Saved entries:
------------------------------------------------------------------------

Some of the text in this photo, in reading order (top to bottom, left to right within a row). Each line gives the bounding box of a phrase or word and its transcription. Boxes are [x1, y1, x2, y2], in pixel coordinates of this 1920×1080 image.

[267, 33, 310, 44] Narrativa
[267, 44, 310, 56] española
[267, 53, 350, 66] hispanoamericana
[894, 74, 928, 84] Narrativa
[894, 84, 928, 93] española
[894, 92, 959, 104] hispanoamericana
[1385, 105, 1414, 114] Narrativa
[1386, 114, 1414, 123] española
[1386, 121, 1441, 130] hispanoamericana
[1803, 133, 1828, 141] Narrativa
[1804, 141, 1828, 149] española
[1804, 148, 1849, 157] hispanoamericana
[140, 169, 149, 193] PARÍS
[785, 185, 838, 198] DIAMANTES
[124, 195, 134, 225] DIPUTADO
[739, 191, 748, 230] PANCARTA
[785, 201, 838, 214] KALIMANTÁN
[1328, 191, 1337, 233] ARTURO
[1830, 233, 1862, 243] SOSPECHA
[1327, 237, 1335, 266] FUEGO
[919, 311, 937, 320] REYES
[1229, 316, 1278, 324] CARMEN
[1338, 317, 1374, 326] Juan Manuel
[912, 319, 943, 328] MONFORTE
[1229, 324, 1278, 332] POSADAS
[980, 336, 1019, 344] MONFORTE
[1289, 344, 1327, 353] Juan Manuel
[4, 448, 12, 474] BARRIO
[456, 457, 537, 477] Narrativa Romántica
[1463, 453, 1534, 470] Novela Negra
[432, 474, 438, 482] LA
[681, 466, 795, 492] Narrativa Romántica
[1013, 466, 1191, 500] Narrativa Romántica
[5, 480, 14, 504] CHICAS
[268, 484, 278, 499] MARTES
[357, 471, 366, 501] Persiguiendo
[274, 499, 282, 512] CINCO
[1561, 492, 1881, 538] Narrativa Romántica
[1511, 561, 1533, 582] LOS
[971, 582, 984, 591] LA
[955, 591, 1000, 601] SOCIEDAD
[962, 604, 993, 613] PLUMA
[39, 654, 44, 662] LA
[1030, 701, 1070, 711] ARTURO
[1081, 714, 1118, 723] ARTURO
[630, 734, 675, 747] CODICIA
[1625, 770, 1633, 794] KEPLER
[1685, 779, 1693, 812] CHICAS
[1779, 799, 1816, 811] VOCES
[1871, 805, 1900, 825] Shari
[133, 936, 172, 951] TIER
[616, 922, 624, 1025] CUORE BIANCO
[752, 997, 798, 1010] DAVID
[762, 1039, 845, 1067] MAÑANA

------------------------------------------------------------------------

Problem requirements. Return only the number of lines in the data above that hold the word "CHICAS".

Exercise solution. 2